Aims: Concern about the effects of alcohol and drug use during pregnancy is intertwined with debates about abortion. There is concern that alcohol abstinence recommendations lead women using low levels of alcohol to terminate otherwise wanted pregnancies. This study examines how women describe alcohol, tobacco and/or drug use (ATOD) as reasons for deciding to have abortions and assesses the differences between women reporting and not reporting ATOD as reasons for deciding to have an abortion.
Methods: Data come from the UCSF Turnaway Study which recruited 956 women seeking an abortion at one of 30 US clinics between 2008 and 2010. Mixed methods were used and data were analyzed through thematic coding and logistic regression.

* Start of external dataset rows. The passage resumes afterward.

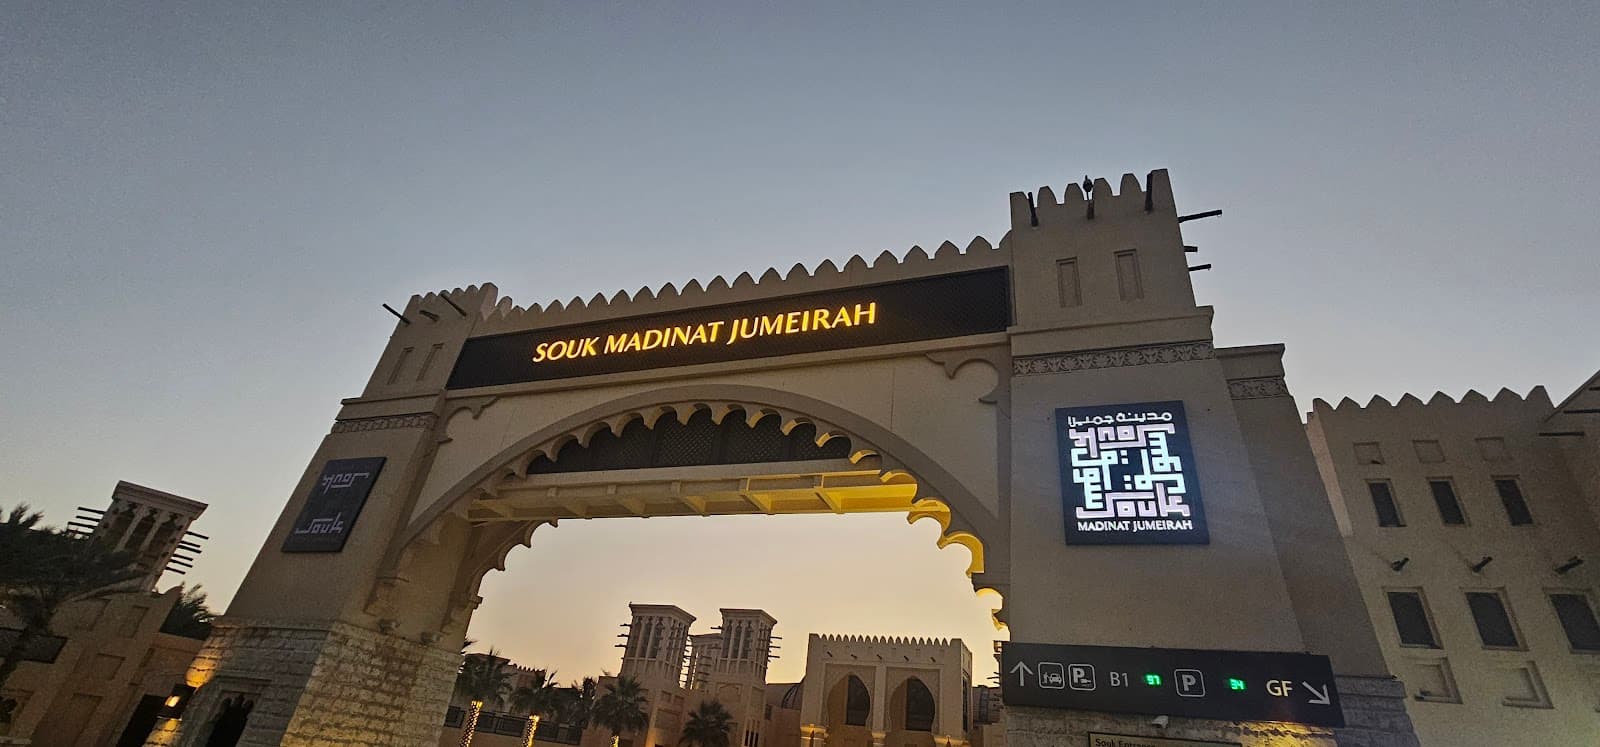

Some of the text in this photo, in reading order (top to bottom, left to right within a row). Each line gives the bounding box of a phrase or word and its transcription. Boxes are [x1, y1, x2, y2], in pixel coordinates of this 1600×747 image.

[532, 302, 876, 362] SOUK MADINAT JUMEIRAH
[1078, 520, 1193, 532] MADINAT JUMEIRAH
[1110, 672, 1128, 687] B1
[1182, 674, 1196, 691] P
[1266, 680, 1292, 696] GF

Results: Nearly 5% reported ATOD as a reason for abortion. Women worried that their ATOD had affected their baby's health and that their or their partner's ATOD would influence parenting. Most women (84%) who reported alcohol as a reason binge drank or had an alcohol-problem symptom in the month before discovering their pregnancy. Sixty-one percent who reported drugs as a reason used drugs, with 88% using more than once/week. Although two-thirds smoked tobacco, no woman reported tobacco alone as a reason. Ninety-eight percent of women reporting ATOD as a reason had unintended pregnancies.
Conclusion: Women reporting ATOD as a reason drink at levels exceeding a low threshold and do not appear to be terminating otherwise wanted pregnancies. Thus, findings are inconsistent with hypotheses that abstinence recommendations and punitive policies lead women using low levels of alcohol or using drugs to terminate otherwise wanted pregnancies.